Rising interconnectivity of power plants’ operating system with web-based monitoring and dispatch is posing greater risks in terms of cyber-security. “Internet Connection Sharing (ICS) machines are now open to the same attack vectors that the corporate environment has been dealing with for years,” security experts warn.
As more and more machinery within modern gas power plants is connected to each other and also to the wider internet; stand-alone software stacks for power plant control systems are a thing of the past as cloud-based solutions spread. Small-scale plants are also closer to populations as distributed power and CHP technology grows. These trends open up numerous ways for hacker attacks, security firm Darktrace’s technology lead told Gas to Power Journal.
Attackers seen to play 'the long game'
“As ICS devices are inherently less secure than their corporate counterparts, this is a worrying development, putting human lives at risk, as well as seriously jeopardising the business financially and from a reputation perspective,” he said.
“More and more, we are seeing attackers apparently playing a longer game, by lying low within a network and slowly building up knowledge and understanding of how the systems operate without obviously damaging or stealing data, straight away.
“These reconnaissance missions are not always evident to the company either, because of the inadequacy of traditional defences in detecting their movements, which are often subtle and inconspicuous,” he explained.
Machine learns to spot threats
Cyber-security tools, such as Darktrace’s Industrial Immune System aims to defend against threats on a pro-active basis. Named the ‘Enterprise Immune System,’ Darktrace technology applies the biological principles of the human immune system to the challenge of defending organisations against dynamic cyber-threats.

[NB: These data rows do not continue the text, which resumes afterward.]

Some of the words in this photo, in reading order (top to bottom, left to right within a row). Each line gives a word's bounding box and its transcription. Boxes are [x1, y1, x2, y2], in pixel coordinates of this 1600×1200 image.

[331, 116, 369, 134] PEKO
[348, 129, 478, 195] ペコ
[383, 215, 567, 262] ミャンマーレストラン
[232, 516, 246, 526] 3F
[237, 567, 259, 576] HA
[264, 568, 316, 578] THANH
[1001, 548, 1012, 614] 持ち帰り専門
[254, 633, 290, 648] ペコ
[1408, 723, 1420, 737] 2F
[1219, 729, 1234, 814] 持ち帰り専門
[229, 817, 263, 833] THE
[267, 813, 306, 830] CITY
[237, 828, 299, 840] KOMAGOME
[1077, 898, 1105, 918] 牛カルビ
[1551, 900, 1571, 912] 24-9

Drax, one of Britain’s leading utilities is using Darktrace and stated the technology “has already identified treats with the potential to disrupt our networks.”

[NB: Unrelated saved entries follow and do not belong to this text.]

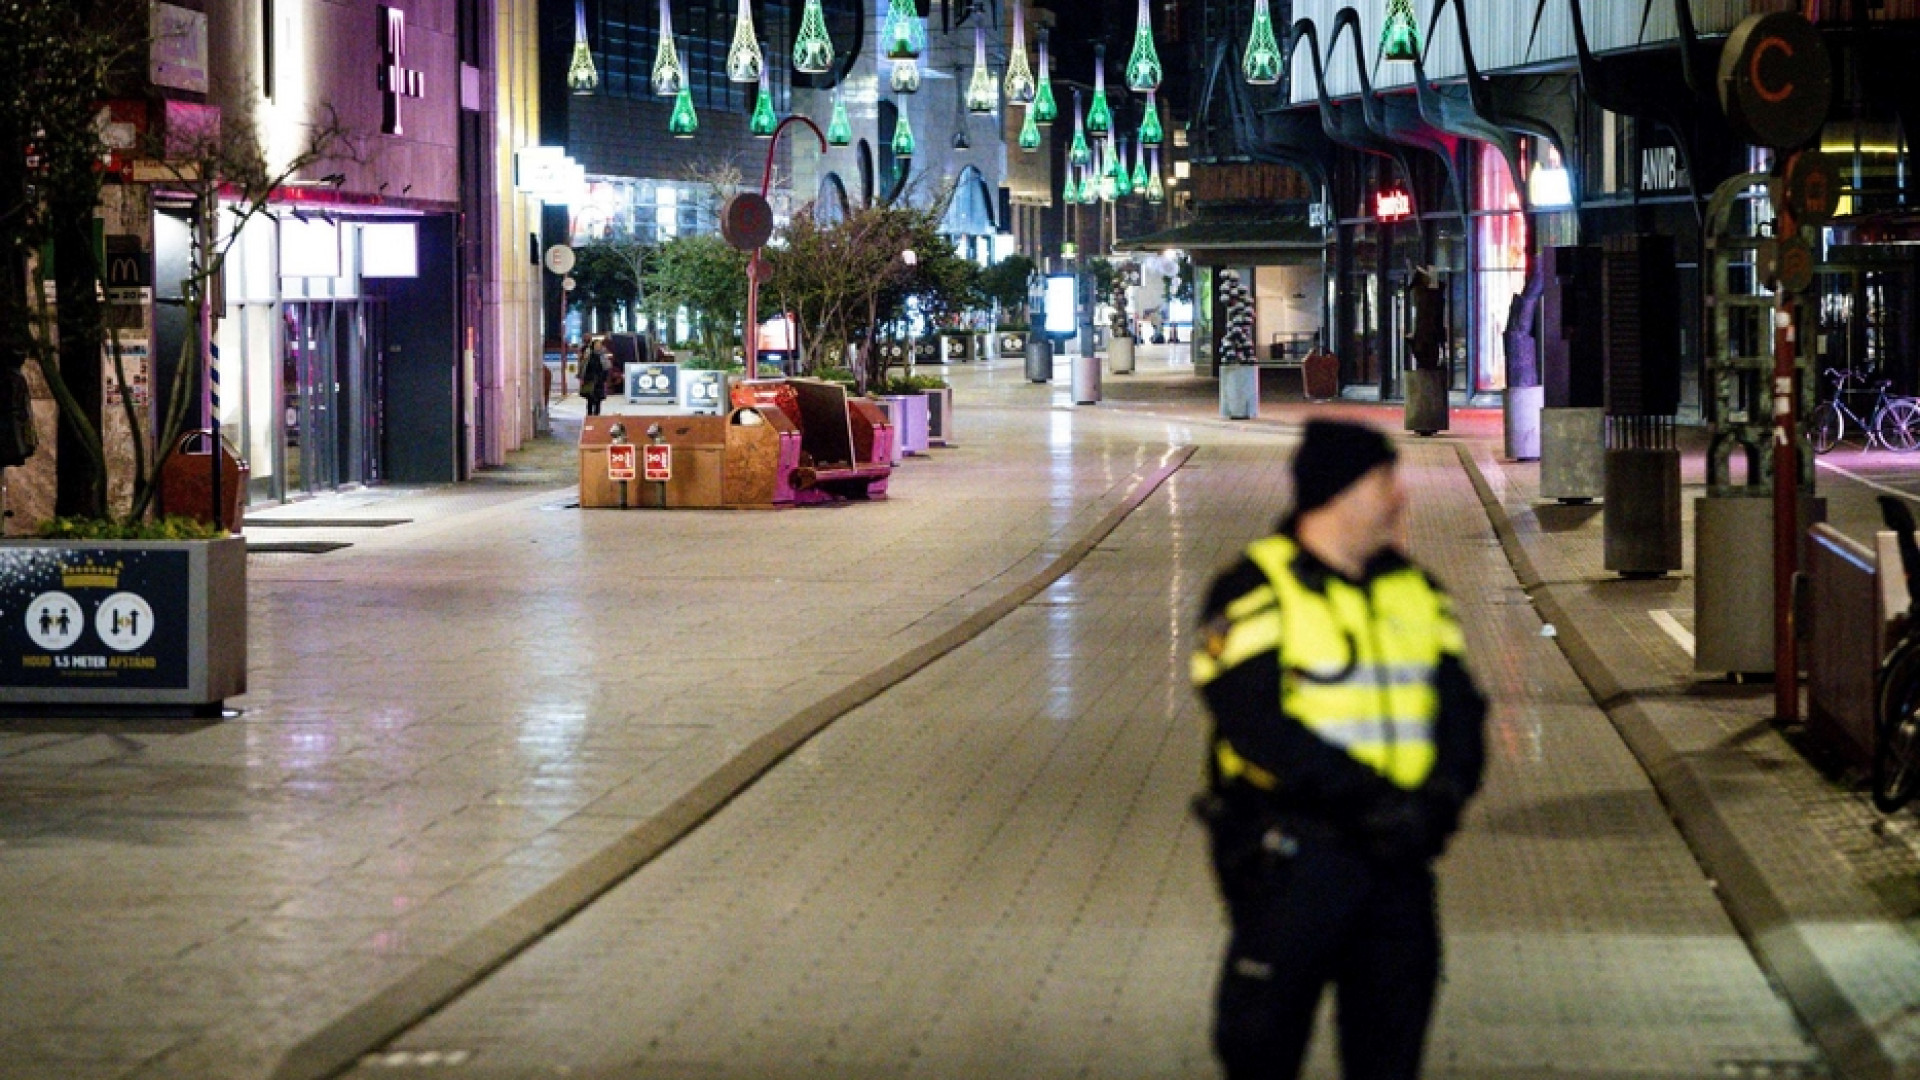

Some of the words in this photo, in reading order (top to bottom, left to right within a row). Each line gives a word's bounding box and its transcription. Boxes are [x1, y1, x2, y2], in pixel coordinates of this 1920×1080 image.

[1751, 36, 1794, 102] C
[1641, 146, 1676, 190] ANWB
[552, 248, 562, 266] E
[71, 655, 108, 669] METER
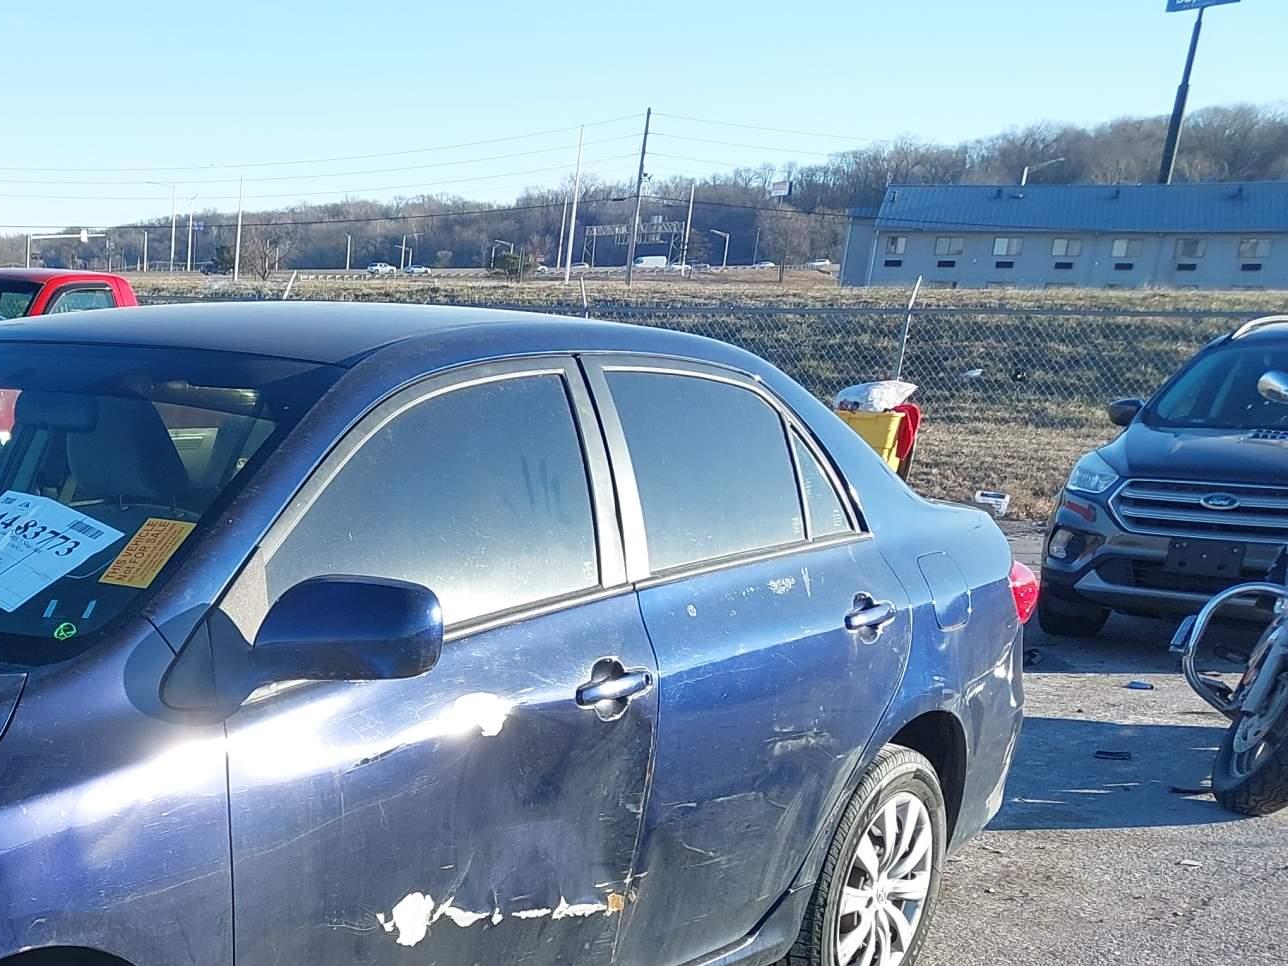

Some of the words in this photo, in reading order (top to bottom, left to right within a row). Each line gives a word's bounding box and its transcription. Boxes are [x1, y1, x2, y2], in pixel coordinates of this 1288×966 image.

[103, 558, 126, 579] THIS
[125, 520, 157, 558] VEHICLE
[117, 565, 133, 581] Not
[132, 545, 150, 566] FOR
[147, 521, 170, 544] SALE

Powered by machine learning and mathematics developed at the University of Cambridge, the system “learns what is normal behaviour is for an organization or network. Spotting deviations from this ‘norm’ the system can detect suspicious behaviours in real time, while there is still time to act.”
The Darktrace system is critically supported by a 3D Treat Visualisation Interface, which is powered by topological network projection technology. Regardless of where the attacker might originate or how long they have been around inside a SCADA system or ICS device, the Darktrace is confident that the firm’s system “can detect the subtle changes of behaviour that might indicate a threat and alert the organisation in real time.”